*** Block opens ***

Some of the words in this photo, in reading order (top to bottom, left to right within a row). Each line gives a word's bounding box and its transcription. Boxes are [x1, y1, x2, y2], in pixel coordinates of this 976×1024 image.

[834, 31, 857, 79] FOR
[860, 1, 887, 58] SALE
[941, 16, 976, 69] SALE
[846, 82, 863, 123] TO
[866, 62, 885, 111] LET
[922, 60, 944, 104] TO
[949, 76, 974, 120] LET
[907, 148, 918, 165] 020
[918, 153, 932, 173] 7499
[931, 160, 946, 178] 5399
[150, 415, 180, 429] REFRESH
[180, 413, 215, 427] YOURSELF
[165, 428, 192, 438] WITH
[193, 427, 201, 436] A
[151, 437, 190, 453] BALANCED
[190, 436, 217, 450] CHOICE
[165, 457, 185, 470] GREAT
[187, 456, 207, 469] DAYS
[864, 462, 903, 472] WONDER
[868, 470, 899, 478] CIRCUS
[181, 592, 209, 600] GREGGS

*** Block closes ***

Instructions for the task => Word for word, write out every line of the listing.

Answer space =>
Some of the words in this photo, in reading order (top to bottom, left to right within a row). Each line gives a word's bounding box and its transcription. Boxes are [x1, y1, x2, y2], in pixel coordinates of this 976×1024 image.

[834, 31, 857, 79] FOR
[860, 1, 887, 58] SALE
[941, 16, 976, 69] SALE
[846, 82, 863, 123] TO
[866, 62, 885, 111] LET
[922, 60, 944, 104] TO
[949, 76, 974, 120] LET
[907, 148, 918, 165] 020
[918, 153, 932, 173] 7499
[931, 160, 946, 178] 5399
[150, 415, 180, 429] REFRESH
[180, 413, 215, 427] YOURSELF
[165, 428, 192, 438] WITH
[193, 427, 201, 436] A
[151, 437, 190, 453] BALANCED
[190, 436, 217, 450] CHOICE
[165, 457, 185, 470] GREAT
[187, 456, 207, 469] DAYS
[864, 462, 903, 472] WONDER
[868, 470, 899, 478] CIRCUS
[181, 592, 209, 600] GREGGS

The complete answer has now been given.